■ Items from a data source

========

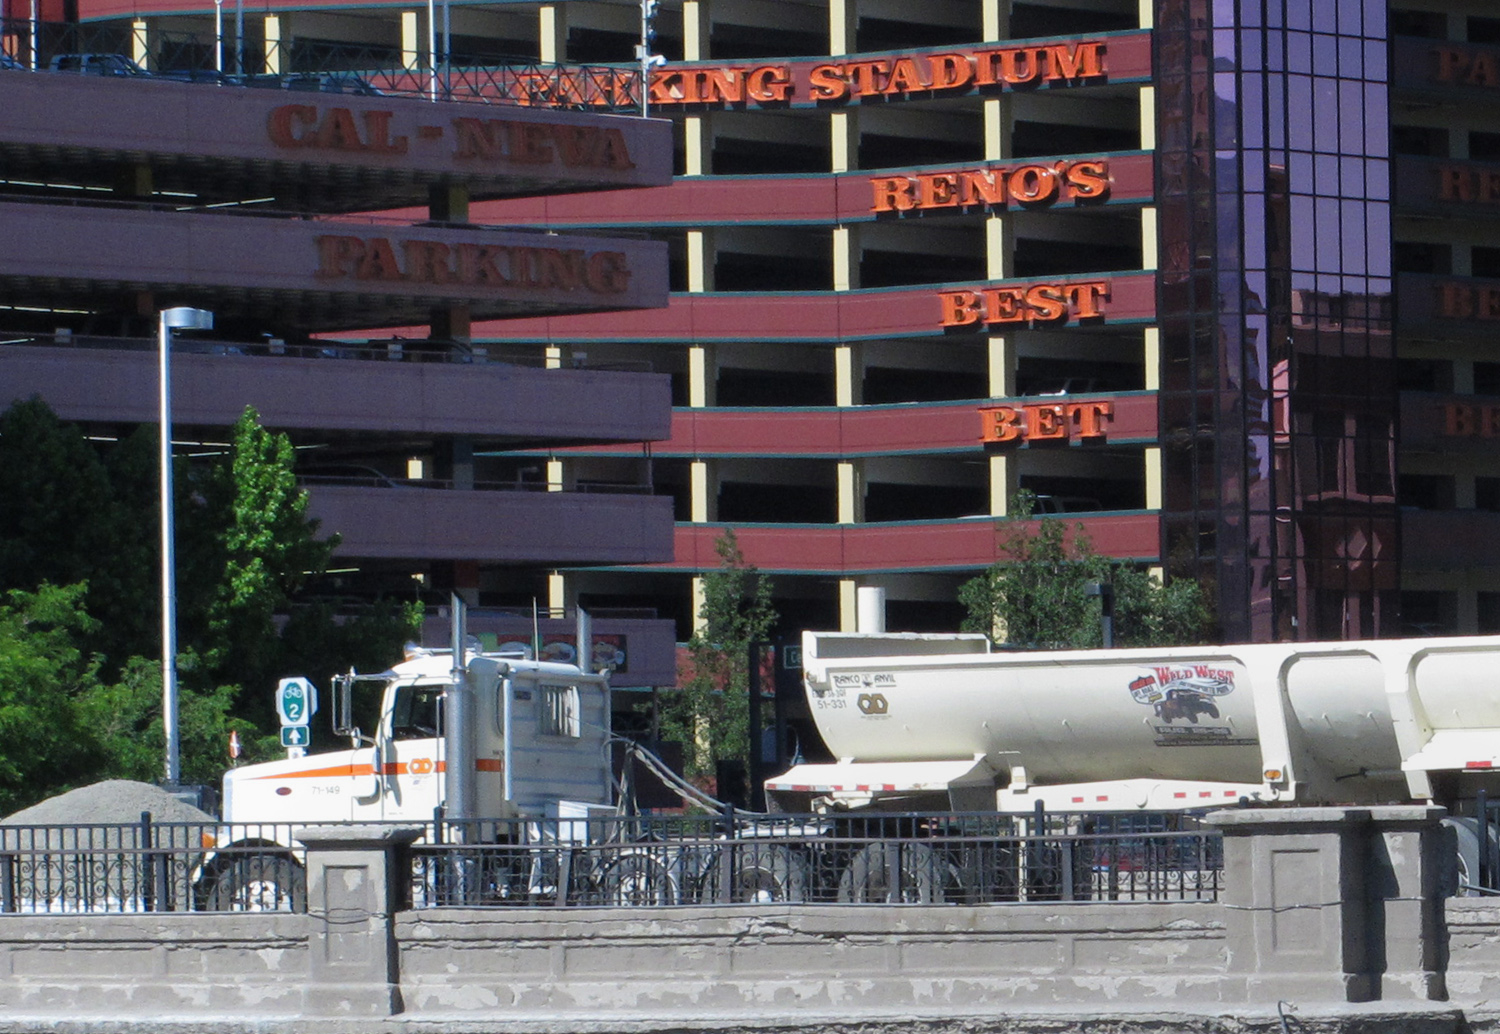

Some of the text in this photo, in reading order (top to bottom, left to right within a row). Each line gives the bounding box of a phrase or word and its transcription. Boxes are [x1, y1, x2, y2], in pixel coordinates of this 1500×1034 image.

[809, 43, 1105, 100] STADIUM
[870, 160, 1109, 213] RENO'S
[314, 234, 632, 294] PARKING
[937, 281, 1108, 327] BEST
[977, 401, 1110, 443] BET
[289, 703, 299, 718] 2
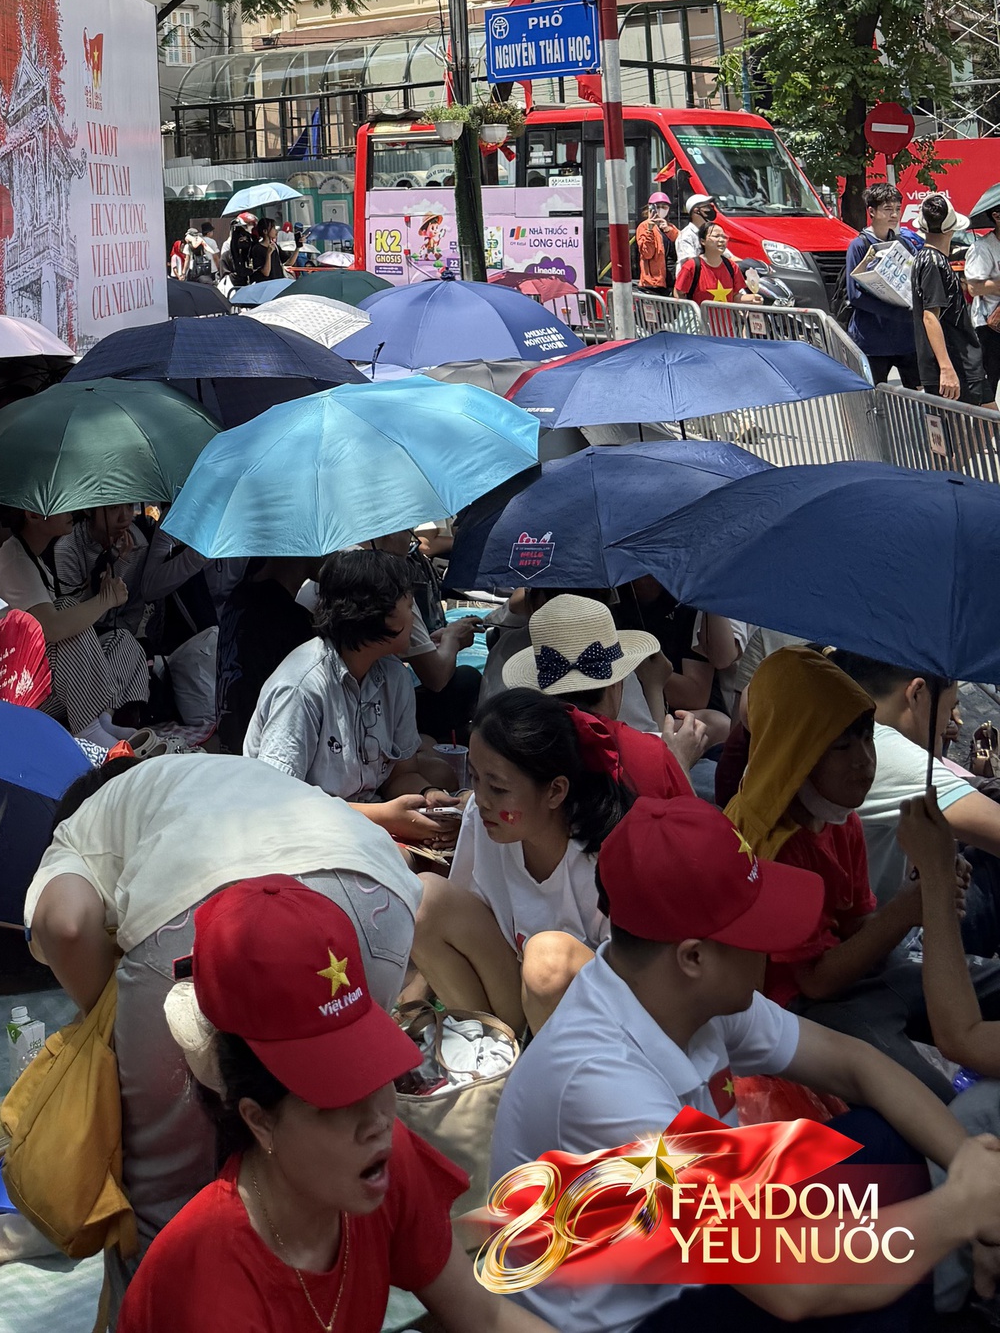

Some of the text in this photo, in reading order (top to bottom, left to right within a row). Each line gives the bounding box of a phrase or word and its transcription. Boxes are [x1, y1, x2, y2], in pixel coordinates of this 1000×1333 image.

========

Your answer must be an exact copy of the records above, with no pictures included.

Some of the text in this photo, in reading order (top to bottom, left to right within a row). Each line gives the bounding box of a phrase or word and its transcription. Boxes are [x1, y1, x2, y2], in pixel coordinates of this 1500×1034 image.

[809, 43, 1105, 100] STADIUM
[870, 160, 1109, 213] RENO'S
[314, 234, 632, 294] PARKING
[937, 281, 1108, 327] BEST
[977, 401, 1110, 443] BET
[289, 703, 299, 718] 2

Some of the text in this photo, in reading order (top to bottom, left to right within a row). Each line gives the bounding box of a phrase or word and its transcription. Boxes are [x1, y1, x2, y2], in pixel coordinates of this 1000×1333 image.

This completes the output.